Single Kernel Programming - 2024.1 English

AI Engine-ML Kernel and Graph Programming Guide (UG1603)

Document ID
UG1603
Release Date
2024-06-06
Version
2024.1 English

An AI Engine-ML kernel is a program which is written using the C/C++ language, AI Engine API and specialized intrinsic functions that target the VLIW scalar and vector processors. The AI Engine-ML kernel code is compiled using the AI Engine compiler, which is included in the AMD Vitis™ core development kit. The AI Engine compiler compiles the kernels to produce ELF files that are run on the AI Engine-ML processors.

The AI Engine-ML supports specialized data types and API functions for vector processing. By restructuring some scalar application code with these API functions and vector data types, one can create fast and efficient vectorized code. The AI Engine compiler takes care of mapping API functions to operations, vector, or scalar register allocation and data movement, automatic scheduling, and generation of microcode that is efficiently packed into VLIW instructions.

The following chapters introduce the data types supported and registers available for use by the AI Engine-ML kernel. In addition, the vector API functions that initialize, load, and store, as well as operate on the vector registers using the appropriate data types are also described.
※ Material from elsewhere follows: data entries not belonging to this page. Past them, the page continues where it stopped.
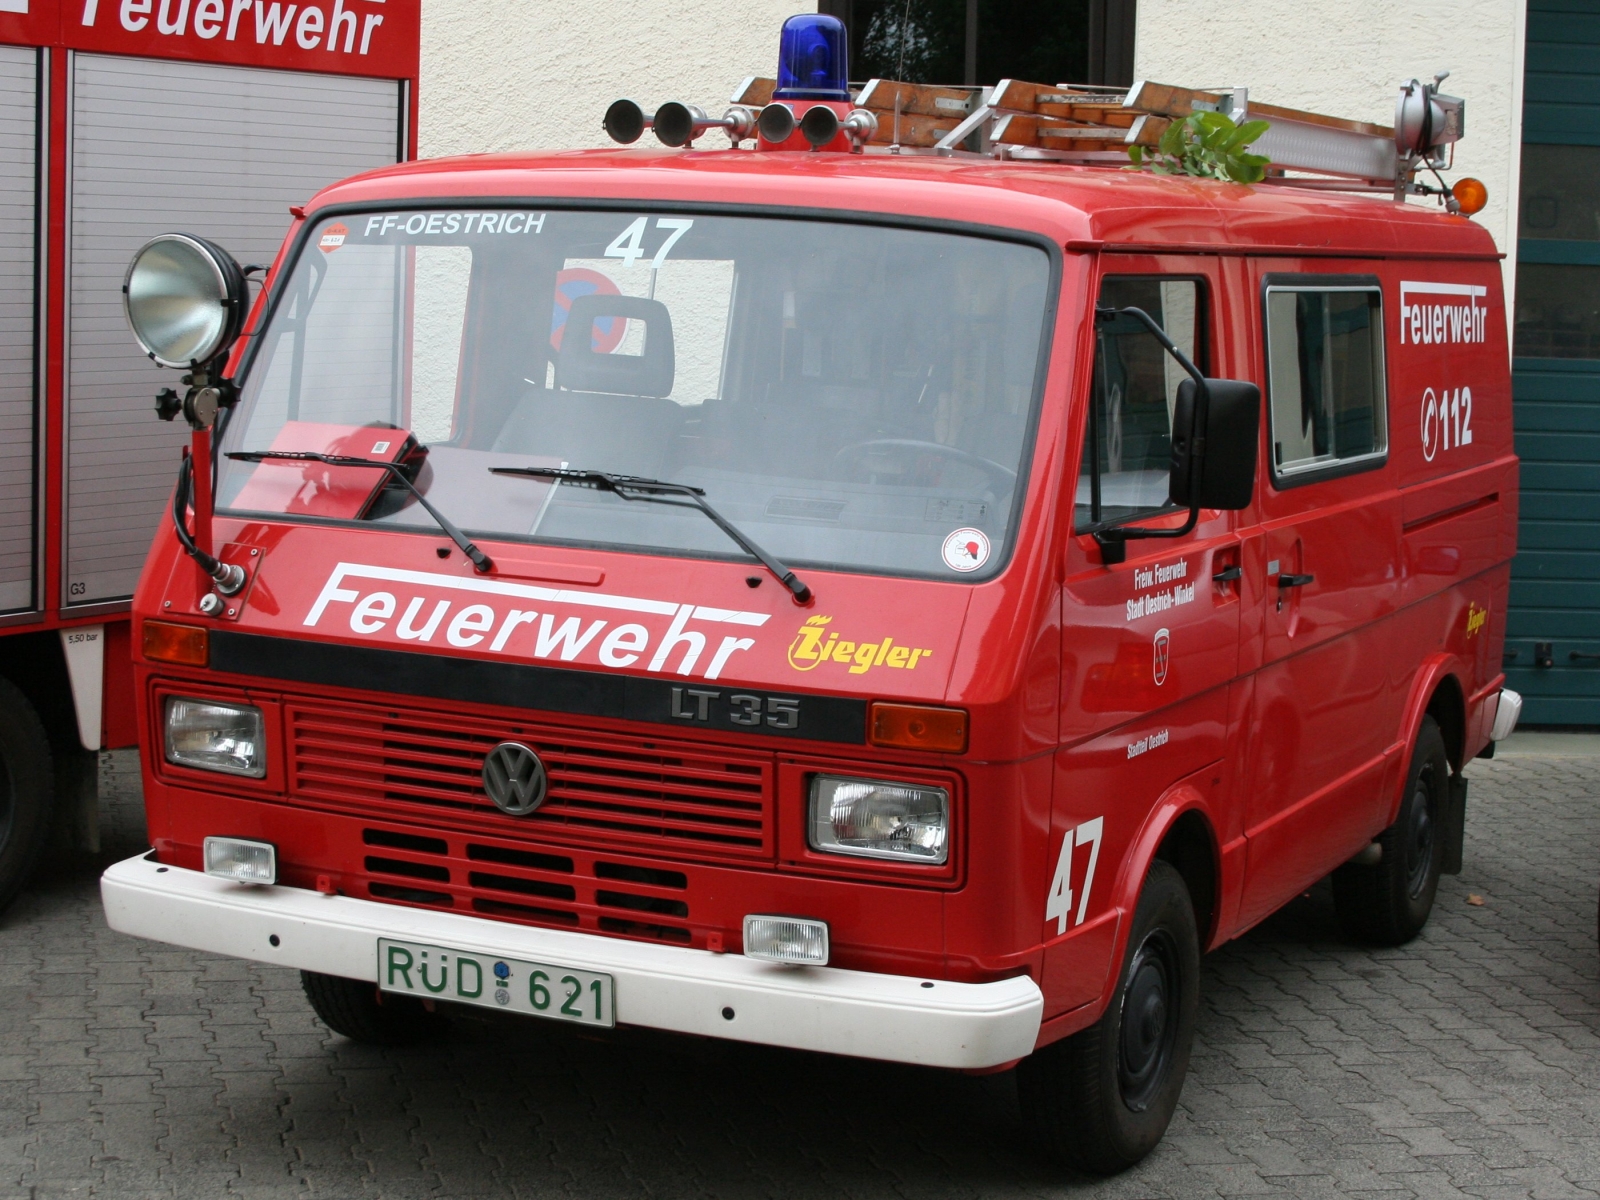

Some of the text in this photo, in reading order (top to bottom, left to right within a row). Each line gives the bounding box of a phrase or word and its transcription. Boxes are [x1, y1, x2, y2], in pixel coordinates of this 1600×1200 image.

[364, 213, 546, 236] FF-OESTRICH
[604, 216, 694, 269] 47
[1400, 281, 1487, 345] Feuerwehr
[1439, 386, 1473, 451] 112
[71, 583, 86, 595] G3
[1134, 557, 1187, 591] Freiw. Feuerwehr
[302, 562, 772, 680] Feuerwehr
[1126, 596, 1145, 621] Stadt
[68, 633, 98, 644] 5,50 bar
[788, 615, 932, 674] Ziegler
[671, 687, 800, 729] LT 35
[482, 742, 547, 816] VW
[1046, 815, 1104, 936] 47
[387, 945, 602, 1021] RÜD 621
To achieve the highest performance on the AI Engine-ML, the primary goal of single kernel programming is to ensure that the usage of the vector processor approaches its theoretical maximum. Vectorization of the algorithm is important, but managing the vector registers, memory access, and software pipelining are also required. The programmer must strive to make the data for the new operation available while the current operation is executing because the vector processor is capable of an operation every clock cycle. Optimizations using software pipelining in loops are available using pragmas. For instance, when the inner loop has sequential or loop carried dependencies it might be possible to unroll an outer loop and compute multiple values in parallel. The following sections go over these concepts as well.